Ratu terdiam dan kembali tersenyum manis di dekapan dada bidang seorang Adam Pratama Sanu.
"Jadi begini loh, RasAr itu aku dapat dari sebuah buku fantasi asmara yang aku temukan di perpustakaan sekolah saat kelas X dulu hehe" ucap Adam perlahan mulai menjelaskan.
"Owalah, mereka karakter dibuku itu kah atau gimana?" tanya Ratu melirik wajah Adam penuh rasa penasaran.
"Iya benar, mereka berdua karakter disana. dimana Ras itu seorang remaja muda yang begitu lugu dan pendiam. sementara Ar adalah wanita arogan yang tomboy dan kasar dan keturunan anak kerajaan hehe." lanjut Adam.
"Ehm..begitu, lalu gimana kak? apa alesan kamu mengharumkan nama mereka berdua di hidup kamu?" Ratu makin penasaran.
Adam memalingkan wajah nya dan seketika meneteskan air mata. sontak Ratu meraih pipi Adam dan membalikkan nya kembali kearah pandangan Ratu.
"Jangan nangis kak" Ratu mengusap pipi Adam yang dibasahi oleh rintikan airmatanya.
"Ehm..aku ga tega rat" ucap Adam menunduk.
"Loh kenapa kak? ada apa dengan cerita itu? boleh kah aku baca sendiri buku itu?" tanya Ratu.

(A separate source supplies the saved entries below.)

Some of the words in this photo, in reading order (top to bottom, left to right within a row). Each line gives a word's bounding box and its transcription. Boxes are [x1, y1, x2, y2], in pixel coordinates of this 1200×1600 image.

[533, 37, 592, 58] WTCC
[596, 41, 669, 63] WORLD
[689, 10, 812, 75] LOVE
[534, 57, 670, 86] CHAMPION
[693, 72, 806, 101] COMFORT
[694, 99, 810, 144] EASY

"Buku itu sudah hilang dek saat aku kelas XI" jawab Adam.
"Ehm..yaudah tenangkan diri kamu dulu lalu nanti lanjutkan lagi ceritanya ya?" Ratu mengusap punggung Adam mencoba menenangkan pacar barunya.
"Iya dek makasih ya" ucap Adam.
Beberapa menit kemudian hujan mengguyur rumah Ratu saat itu, membuat Adam memeluk erat kekasihnya agar tidak kedinginan.

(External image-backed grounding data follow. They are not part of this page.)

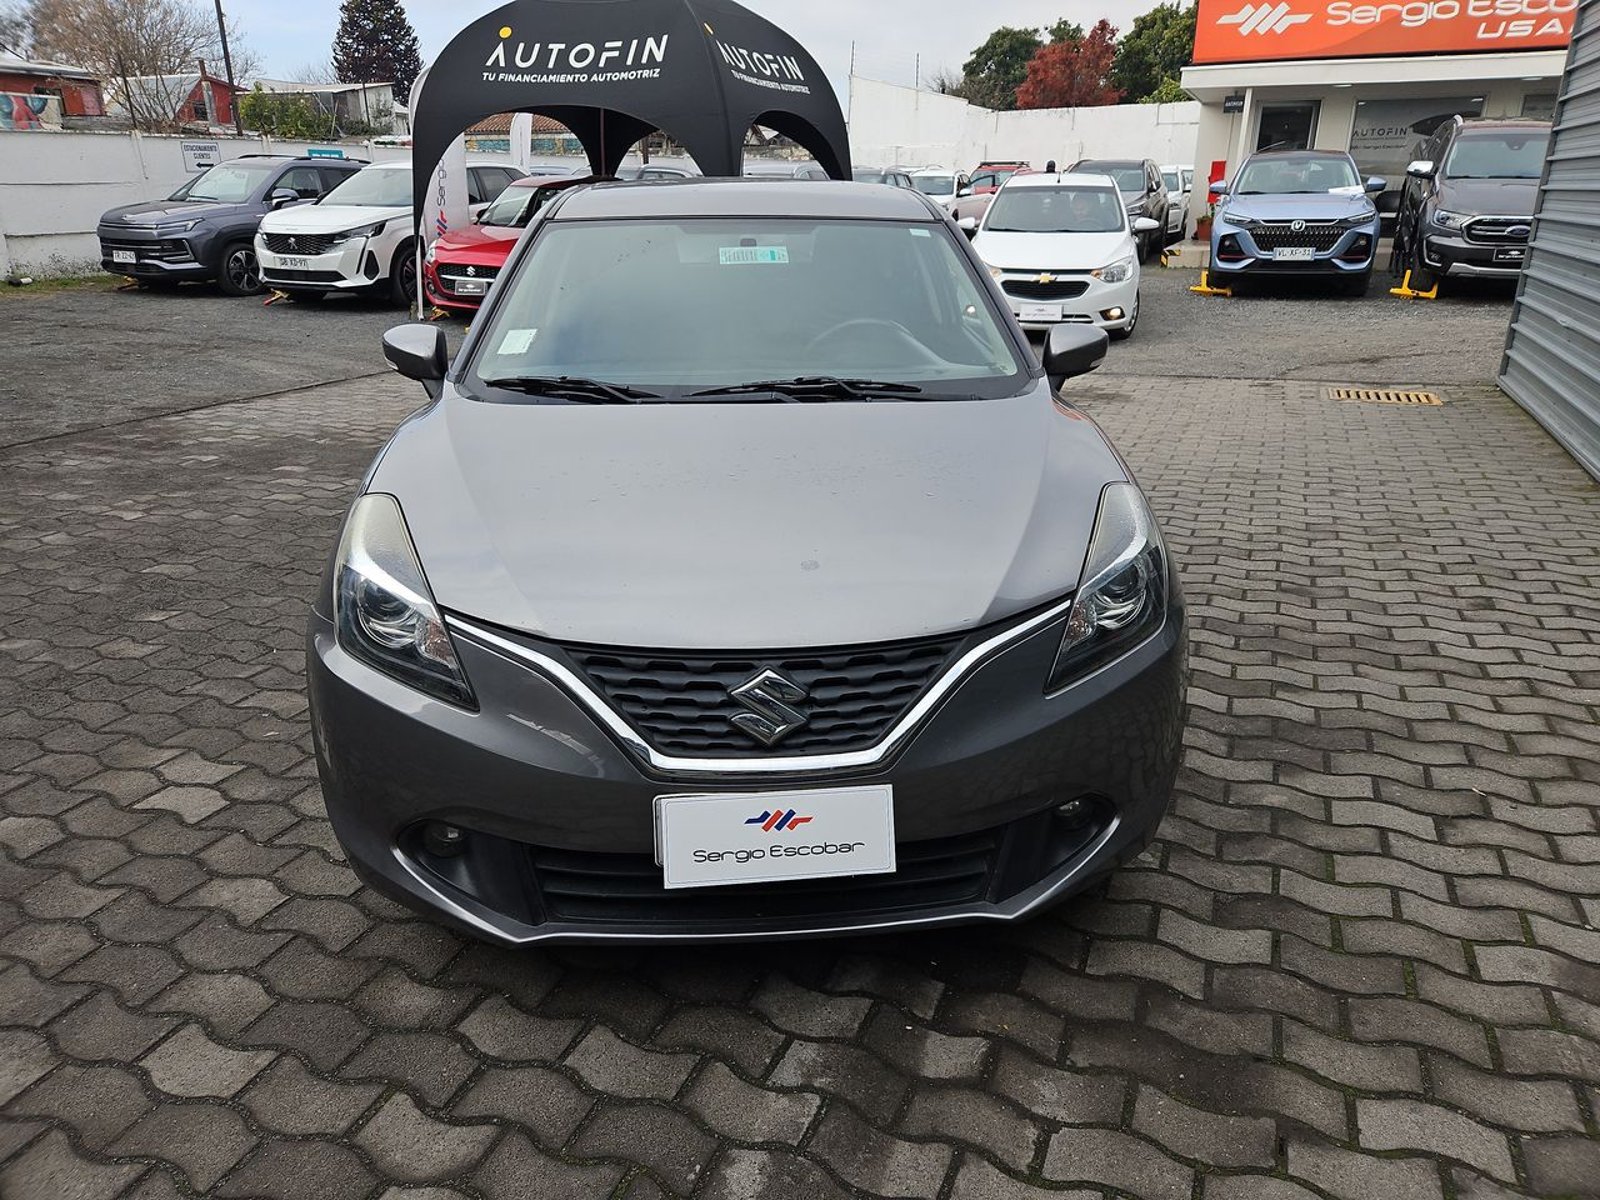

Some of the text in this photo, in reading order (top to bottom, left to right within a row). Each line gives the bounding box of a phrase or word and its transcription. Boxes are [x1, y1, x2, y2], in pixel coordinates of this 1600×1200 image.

[1326, 1, 1460, 27] Sergio
[1476, 17, 1575, 39] USA
[485, 34, 669, 69] AUTOFIN
[715, 39, 805, 81] AUTOFIN
[482, 68, 661, 83] TU FINANCIAMIENTO AUTOMOTRIZ
[1352, 127, 1408, 137] AUTOFIN
[693, 842, 865, 863] Sergio Escobar

Ratu yang merasa nyaman hanya bisa memejamkan matanya di dekapan Adam. merasakan apa yang tak pernah Reno berikan pada dirinya.
Memang kala itu Reno berpacaran dengan Ratu, namun tak berani berkenalan dengan orang tuanya. jangankan berkenalan, sekedar main kerumah Ratu pun Reno tak berani. karena pak Hendri dulunya terkenal sebagai mantan anak motor jalanan yang cukup beringas.

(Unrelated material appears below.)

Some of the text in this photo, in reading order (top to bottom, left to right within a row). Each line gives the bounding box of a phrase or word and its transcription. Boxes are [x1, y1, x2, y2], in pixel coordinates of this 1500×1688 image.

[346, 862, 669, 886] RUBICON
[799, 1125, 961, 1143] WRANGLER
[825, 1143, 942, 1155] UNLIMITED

Berbeda dengan Adam yang penuh kesungguhan dari awal berani mencium tangan bu Nisa dan pak Hendri saat main kerumah Ratu. karena hal itu lah Ratu mulai mempercayai Adam sebagai pilihan terakhirnya insyaallah.
"Dulu di suatu daerah kerajaan, tinggal lah seorang pria culun dan pendiam. selalu dihina, dikucilkan bahkan tak ada yang ingin berteman dengannya." ucap Adam ditengah suara gemercik hujan di genting rumah Ratu.
Ratu langsung membuka matanya dan melirik kearah Adam dengan mimik wajah penasaran tentang cerita itu.
"Iya kak lalu?" tanya Ratu.
Bersambung...
Thanks banget buat yang sudah mampir dan yang selalu setia nunggu update novel ini.
Tidak bosan-bosan aku selalu mendoakan kalian sekeluarga semua, yang sakit semoga segera diangkat penyakitnya. yang sehat harus makin semangat jaga kesehatannya ya ditambah kasus covid yang masih melonjak sampai saat ini. protokol kesehatannya di perketat lagi 6M nya diterapkan selalu ok🥰🙏🏼.
Jangan lupa juga tinggalkan jejak berupa like, koment, gift dan vote ya, atau mau tap love dulu juga ga apa-apa untuk dibaca di lain waktu.
Di share juga boleh sebagai dukungan buat aku untuk lebih semangat lagi update novel ini yang berjudul "Introvert Berjiwa Ganda".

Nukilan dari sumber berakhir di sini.